Wednesday 22 February 2012

Lusaka Life

To everyone back at home
It’s been less than a week in Zambia and it feels like we’ve been here a lot longer, we’ve settled in quite nicely. We live in a cottage that has two bedrooms and a bathroom and a small kitchen and me and the three other girls live in it. Nathan has his own room within the courtyard of the YMCA. The little cottage is going to be our home for the next four months.

Every day to get to the office, we have to leave the cottage at 7 am to bus to our office across the city @ WFC. It takes an hour to reach the office in the morning, and an hour after work to get back home. I don’t think it’s that bad of a journey to get to work considering other Zambians walk a lot longer to get water each and every day.

We start work at 8 am and take lunch from 1 to 2, and then work until 4:30.  So far, we’ve been introduced to our colleagues and have been briefed on each department within the organization. We have a week of orientation and getting familiar with all of the projects that WFC facilitates within different regions of Zambia.

At some point during the internship, we will be going into the field and to different provinces and staying for three weeks at a time. There will be no electricity, and no running water. There will be no cell phone service. These are the rural areas that Women for Change facilitates workshops in different areas.

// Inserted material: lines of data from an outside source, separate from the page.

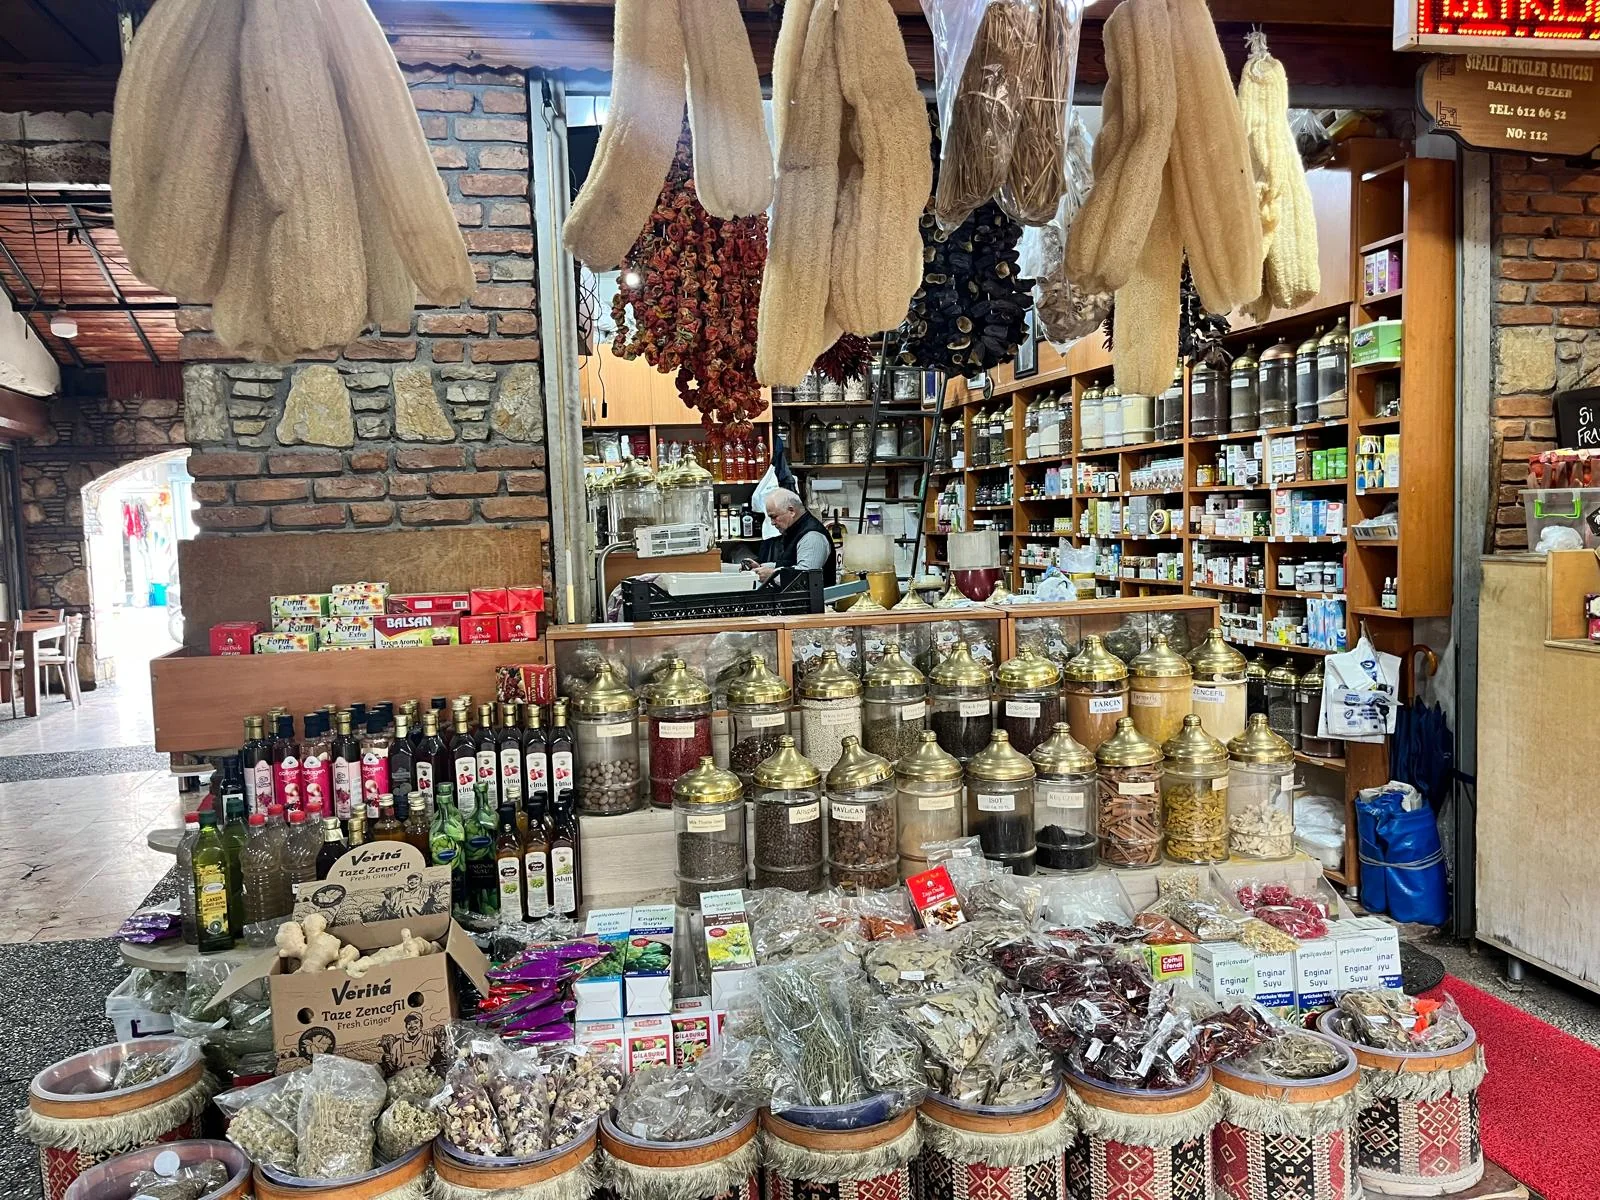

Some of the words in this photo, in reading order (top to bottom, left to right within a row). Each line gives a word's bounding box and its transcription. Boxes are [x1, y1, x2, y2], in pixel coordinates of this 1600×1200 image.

[1536, 86, 1573, 99] GEZER
[1489, 103, 1514, 116] TEL:
[1516, 105, 1536, 118] 612
[1538, 107, 1551, 119] 66
[1554, 110, 1567, 121] 52
[1505, 127, 1526, 139] NO:
[1529, 130, 1548, 141] 112
[342, 598, 365, 606] Form
[386, 616, 432, 628] BALSAN
[288, 623, 314, 632] Form
[335, 623, 361, 633] Form
[266, 637, 290, 645] Form
[529, 781, 547, 789] elma
[351, 848, 403, 867] Veritá
[339, 868, 366, 878] Taze
[368, 862, 411, 874] Zencefil
[349, 873, 371, 883] Fresh
[1257, 969, 1286, 979] Enginar
[1304, 969, 1333, 979] Enginar
[1344, 964, 1374, 974] Enginar
[1220, 976, 1249, 987] Enginar
[1263, 980, 1282, 988] Suyu
[1309, 979, 1328, 987] Suyu
[1350, 975, 1368, 983] Suyu
[331, 977, 392, 1006] Veritá
[1225, 987, 1245, 996] Suyu
[321, 1009, 352, 1022] Taze
[355, 999, 406, 1018] Zencefil
[336, 1019, 361, 1030] Fresh
[363, 1015, 392, 1028] Ginger

Women for Change does not offer a hand out approach to helping communities. There are plenty other organizations that offer short term solutions, they will ask the communities what they need, and they say “we need food” and they will supply food. “we need water” they will bring them water, these are only short term solutions. Women for Change does not bring solutions to problems. They ask the local people what they need and they come up with their own answers to what the communities need. Women for Change just facilitates the discussions.

This makes me extremely grateful to have been placed with Women For Change, I’ve always been a firm advocate believing that these immediate “fixes” that happen with First Nation Communities like leadership giving money to band members for groceries  isn’t helping, its only putting a band aid on the bigger problem. We have a nation that can not attain their own food.

I am just so grateful for the Creator guiding me here to learn on how I can change the thinking of people in my own community to give the average First Nations persons a better quality of life.